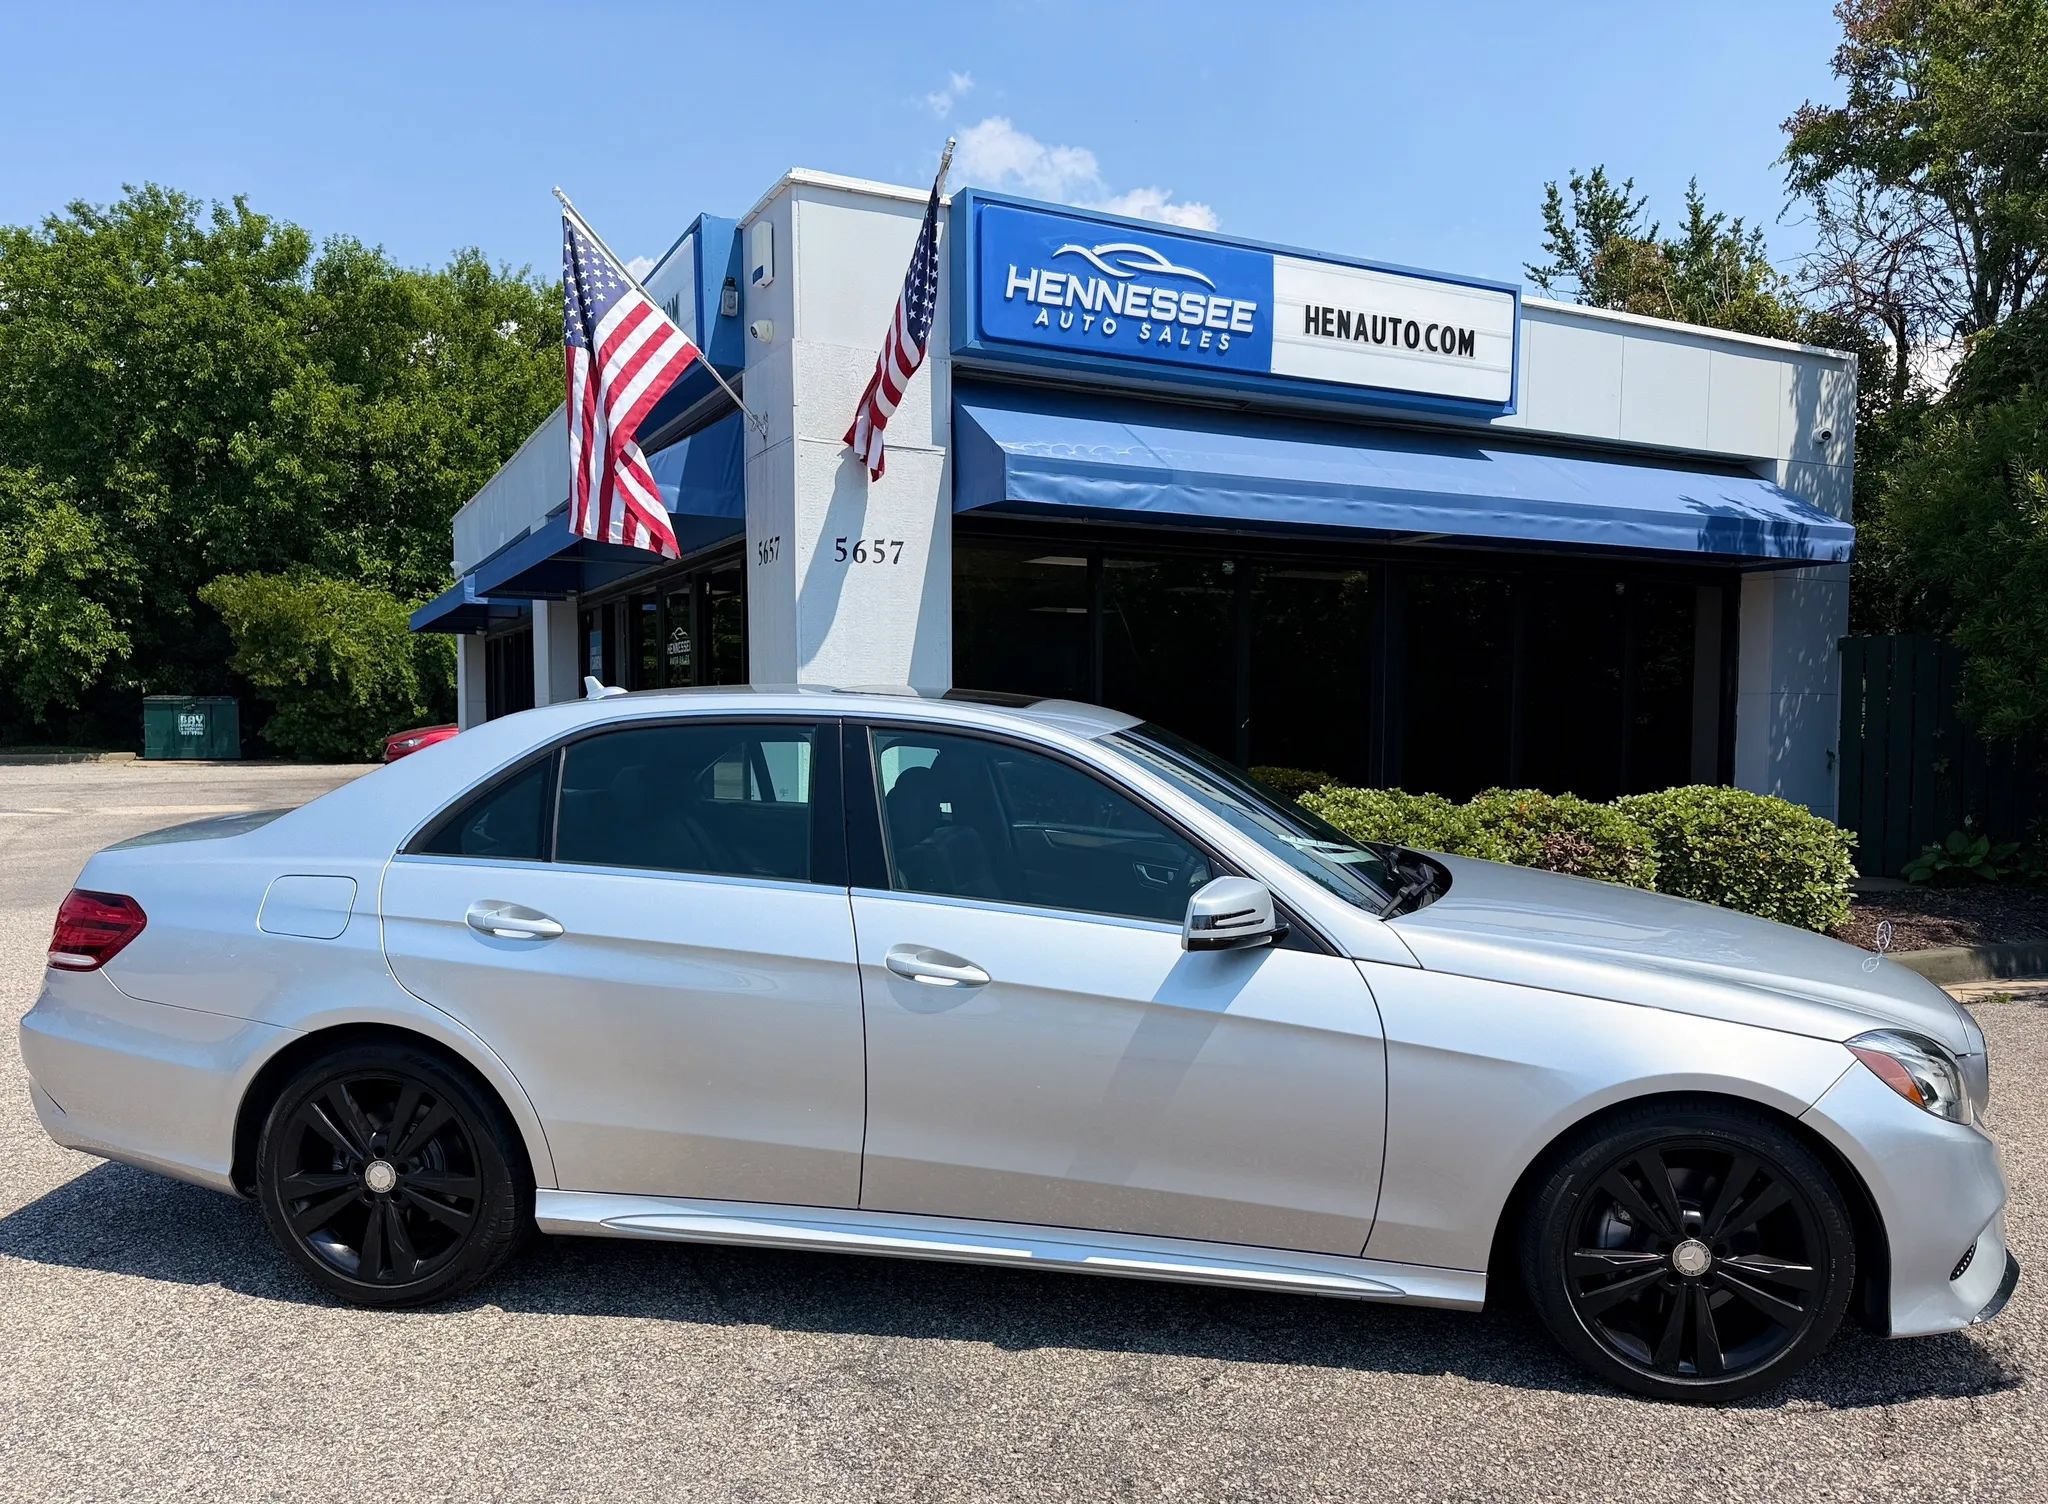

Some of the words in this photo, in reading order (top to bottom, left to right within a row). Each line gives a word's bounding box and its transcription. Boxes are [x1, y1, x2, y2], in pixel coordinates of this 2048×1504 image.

[1005, 264, 1257, 333] HENNESSEE
[1034, 307, 1117, 336] AUTO
[1138, 321, 1231, 351] SALES
[1305, 304, 1475, 358] HENAUTO.COM
[758, 535, 781, 567] 5657
[834, 535, 905, 566] 5657
[180, 715, 203, 724] BAY
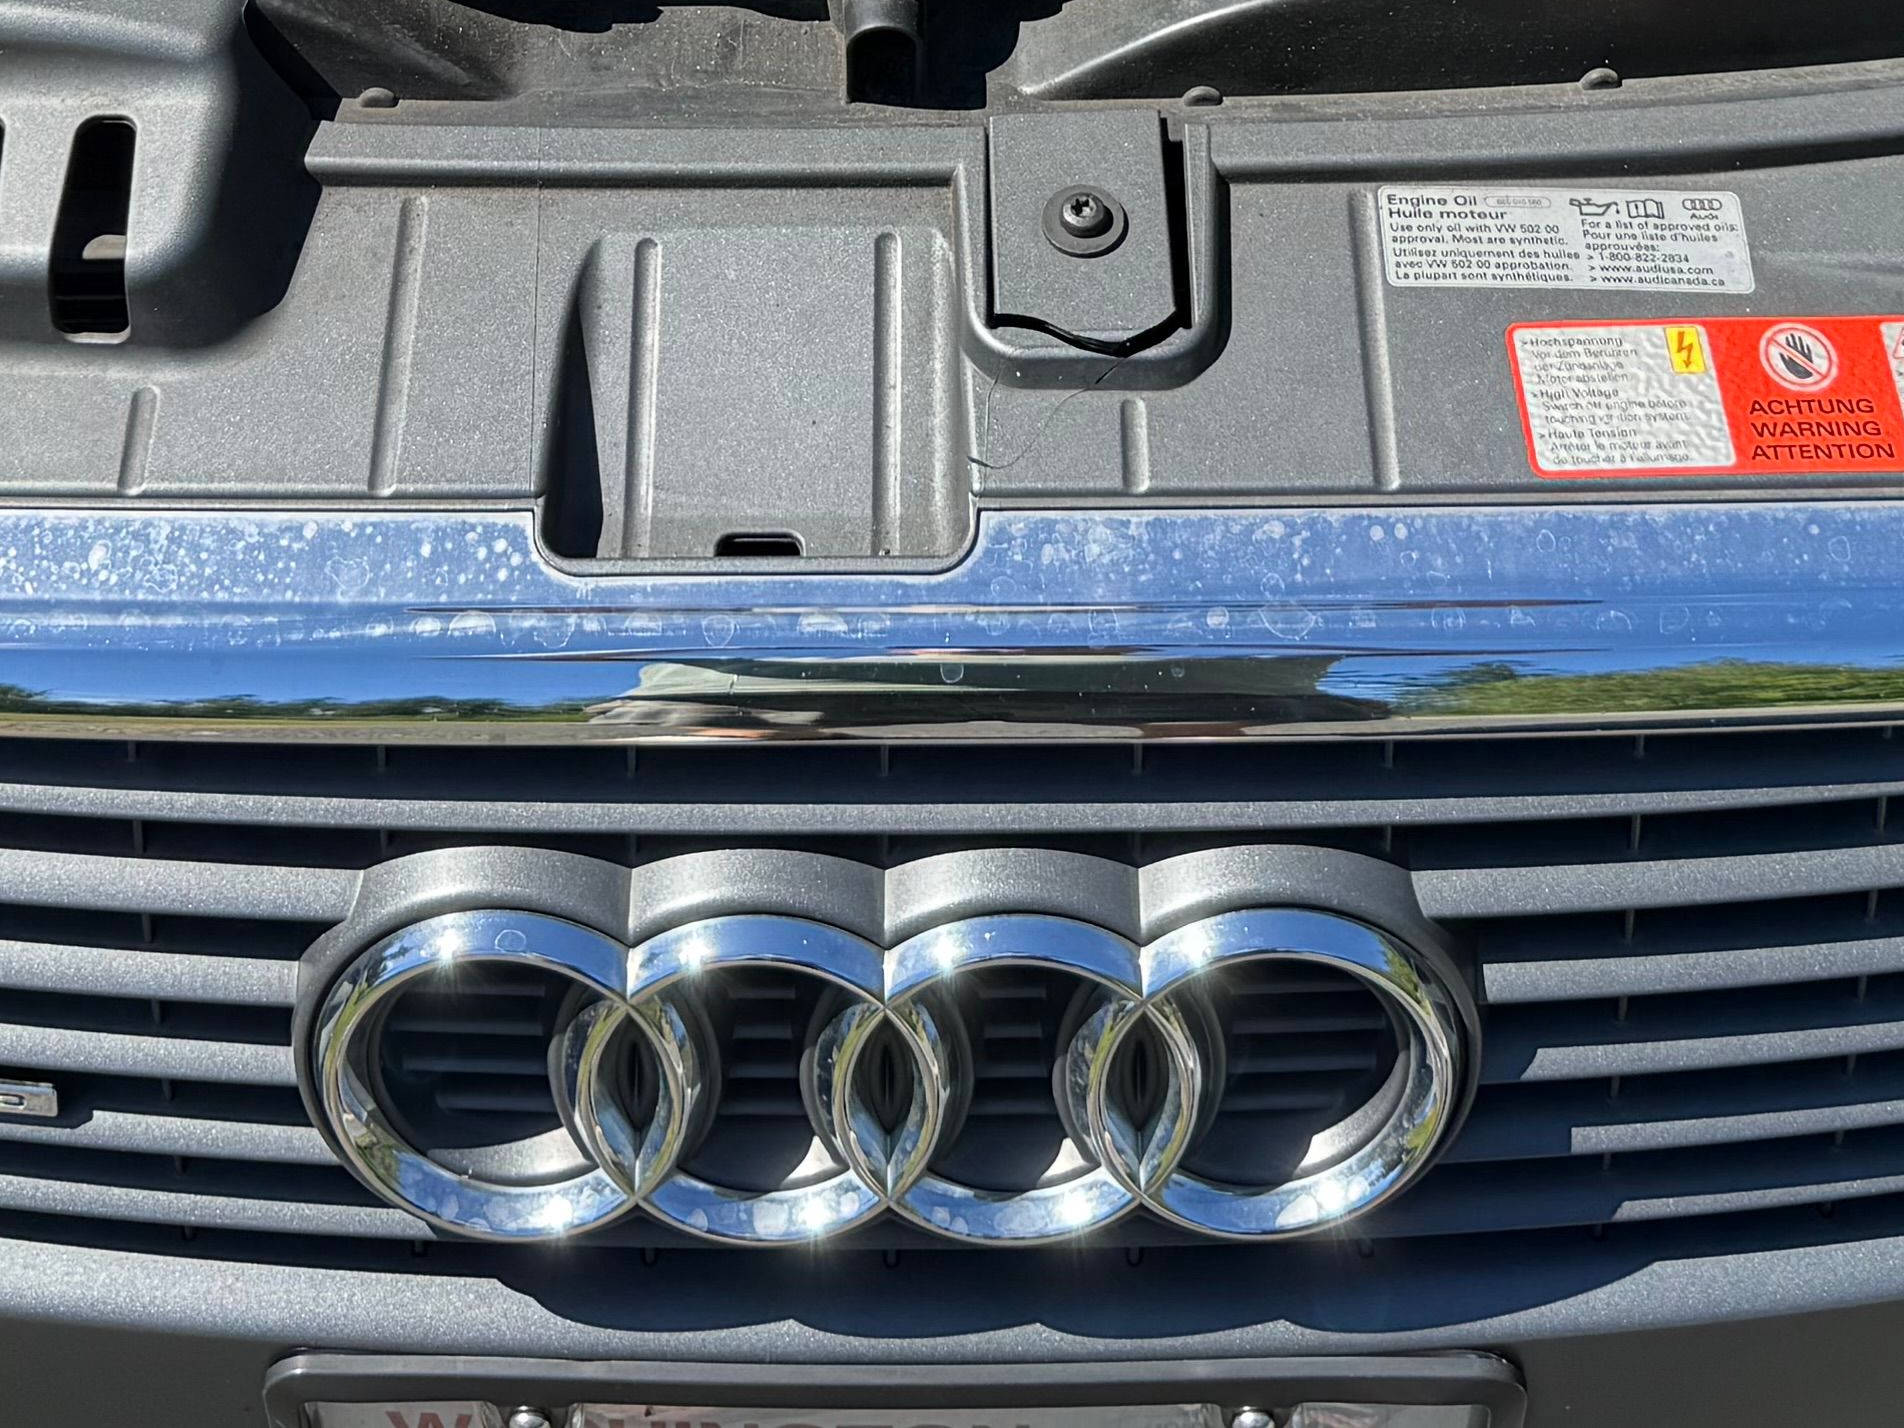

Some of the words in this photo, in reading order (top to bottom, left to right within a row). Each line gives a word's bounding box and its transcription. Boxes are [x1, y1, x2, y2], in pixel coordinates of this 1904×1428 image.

————————

Your copy of the records above should be exact and contain no pictures.

Answer section:
Some of the words in this photo, in reading order (top to bottom, left to right within a row). Each line gives a word's bounding box and its transcription. Boxes are [x1, y1, x2, y2], in pixel coordinates of this 2048×1504 image.

[1005, 264, 1257, 333] HENNESSEE
[1034, 307, 1117, 336] AUTO
[1138, 321, 1231, 351] SALES
[1305, 304, 1475, 358] HENAUTO.COM
[758, 535, 781, 567] 5657
[834, 535, 905, 566] 5657
[180, 715, 203, 724] BAY

Some of the words in this photo, in reading order (top to bottom, left to right within a row). Each line gives a word's bounding box and its transcription. Boxes are [x1, y1, x2, y2], in pixel coordinates of this 1904×1428 image.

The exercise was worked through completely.